マーベラス アニメ企画・制作の譲渡などで第1Q減収減益

 映像、音楽、ゲームなどのマーベラスエンターテイメントが、8月9日に平成24年3月期第1四半期決算発表を行った。音楽・映像パッケージ、ゲームソフトタイトルの新規タイトルが前年に比べて少なかったこと、アニメ企画・制作子会社アートランドを2010年12月に事業売却したことにより大幅な減収減益となった。
 第1四半期の連結売上高は10億800万円と前年同期比で44.6%減。また、営業利益は2100万円(同90.5%減)、経常利益は1400万円(同92.5%減)、四半期純利益は900万円(同94.9%減)である。

 音楽・映像事業の売上高は5億8100万円(同45.9%減)、営業利益は2億円(同10.7%減)である。アートランドの事業売却のほか、『家庭教師ヒットマンREBORN!』のテレビ放送終了に伴うパッケージ発売タイトル数の減少、「ミュージカル『テニスの王子様』」の関連DVDの商品受注が前年同期を下回ったことが影響している。
 一方で、音楽分野では「プリキュア」シリーズの関連楽曲が好調だった。また、『劇場版 遊☆戯☆王 ~超融合!時空を越えた絆~』のDVDとBlu-ray Discの受注も好調であった。今期は新たに『スイートプリキュア♪』、『俺たちに翼はない』、『星空へ架かる橋』を手がけた。
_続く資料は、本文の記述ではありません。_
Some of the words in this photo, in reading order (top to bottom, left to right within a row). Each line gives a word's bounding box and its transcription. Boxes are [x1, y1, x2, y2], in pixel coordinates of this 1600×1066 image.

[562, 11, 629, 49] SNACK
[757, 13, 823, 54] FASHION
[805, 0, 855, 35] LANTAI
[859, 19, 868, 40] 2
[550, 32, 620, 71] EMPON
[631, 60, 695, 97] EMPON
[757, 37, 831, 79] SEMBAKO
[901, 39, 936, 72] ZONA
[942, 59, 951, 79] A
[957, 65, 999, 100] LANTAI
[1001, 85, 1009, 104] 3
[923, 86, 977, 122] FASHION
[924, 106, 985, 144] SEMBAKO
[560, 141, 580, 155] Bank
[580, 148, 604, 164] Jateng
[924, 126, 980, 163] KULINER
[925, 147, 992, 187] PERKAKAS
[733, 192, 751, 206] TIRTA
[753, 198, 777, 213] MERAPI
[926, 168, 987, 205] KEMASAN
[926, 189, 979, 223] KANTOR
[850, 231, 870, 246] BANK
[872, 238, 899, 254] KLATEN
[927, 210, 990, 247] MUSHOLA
 ゲームソフト、オンラインゲームが中心となるデジタルコンテンツ事業は、売上高は3億200万円(前年同期比43.1%減)、営業利益は100万円(前年同期比97.4%減)である。こちらも発売タイトル数の減少とそれに伴う販売本数の減少が業績に響いた。『アニマルリゾート 動物園をつくろう!!』、『Fish Eyes 3D』、『HALF-MINUTE HERO -Super Mega Neo Climax-』が新作である。
 さらに舞台公演事業は、「ミュージカル『テニスの王子様』青学vs不動峰」の観客動員数と物販売上高が前年同期と比較して軟調だった。売上高は1億2400万円(前年同期比41.6%減)、営業損失が2700万円である。
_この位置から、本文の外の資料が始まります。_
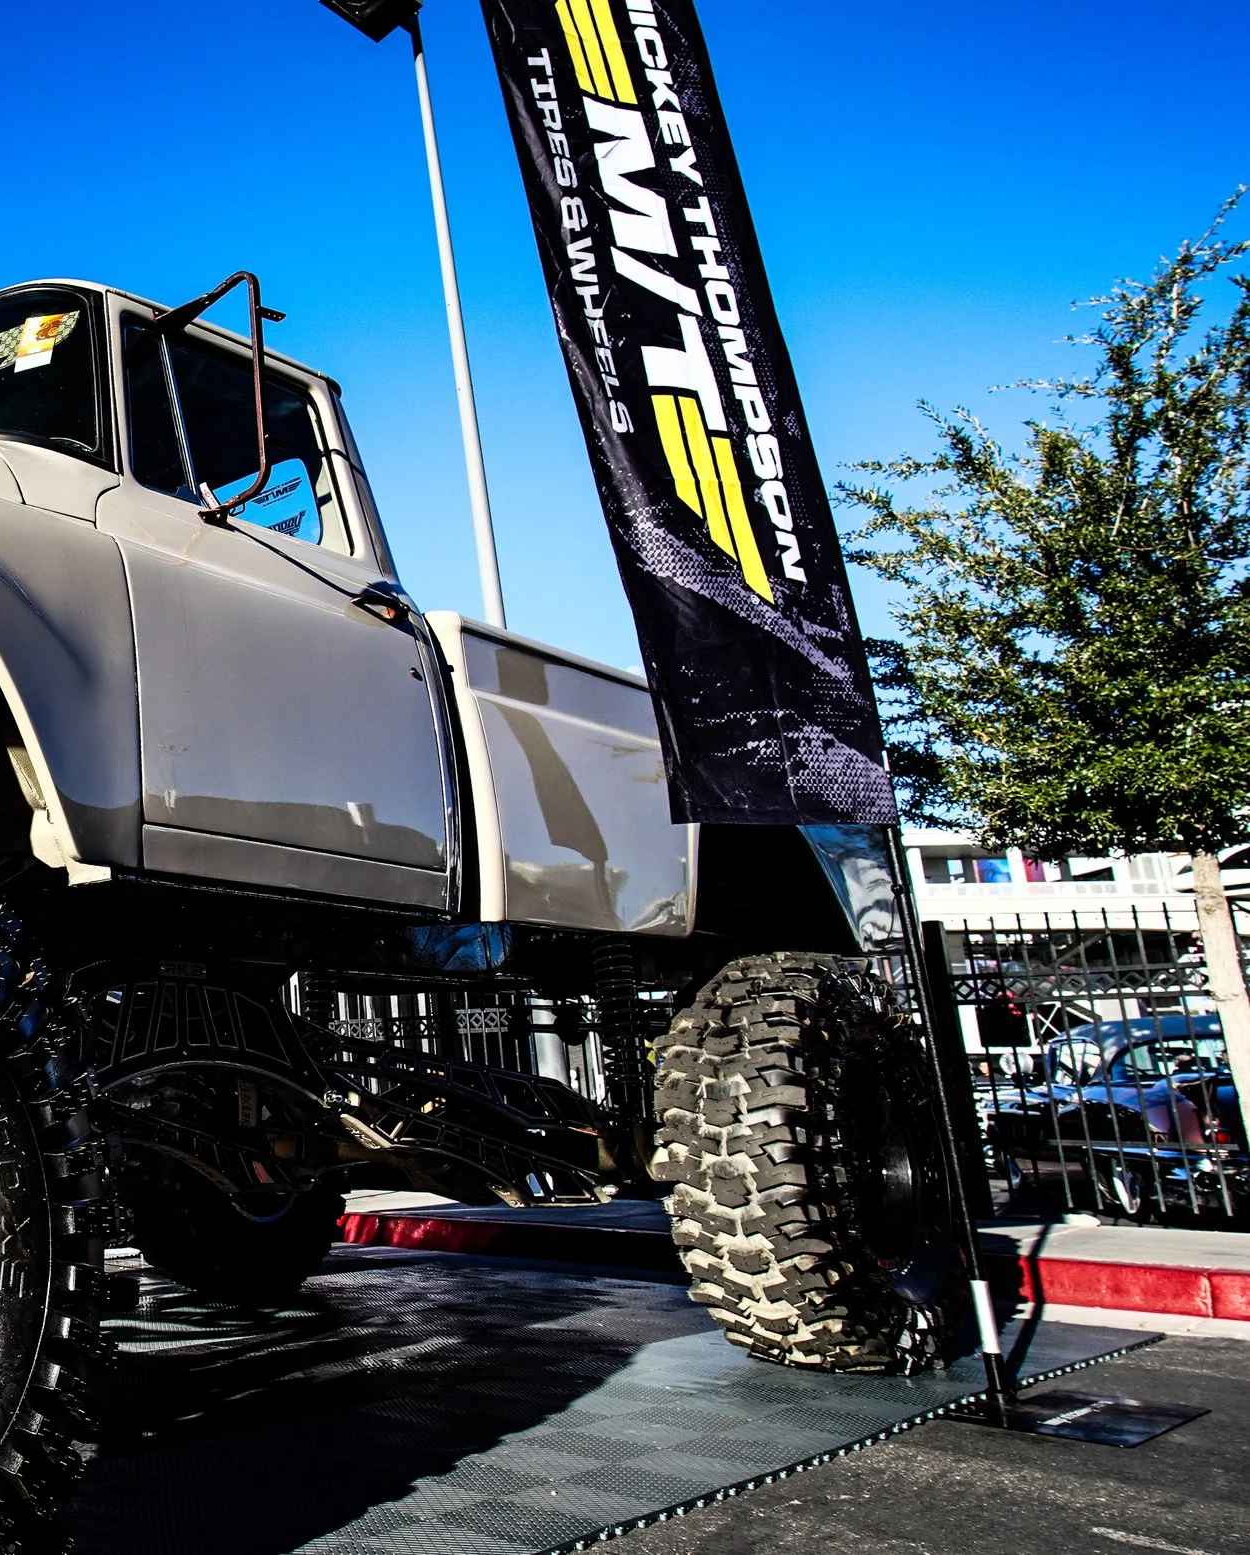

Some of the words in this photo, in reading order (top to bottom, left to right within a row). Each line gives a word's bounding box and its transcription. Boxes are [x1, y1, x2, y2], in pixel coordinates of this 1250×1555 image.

[527, 48, 578, 188] TIRES
[560, 196, 589, 231] &
[565, 236, 635, 435] WHEELS
[582, 96, 728, 433] M/T
[626, 0, 704, 187] ICKEY
[682, 196, 807, 584] THOMPSON
 第1四半期は売り上げを大きく落としたマーベラスだが、本年10月1日付けで、AQインタラクティブ、ライブウェアと合併を予定している。このためだ3四半期からは、ゲーム関連事業を中心に売り上げを拡大するとみられる。そうした意味では、今回の四半期決算は、事業再構築の端境期のものと言えるだろう。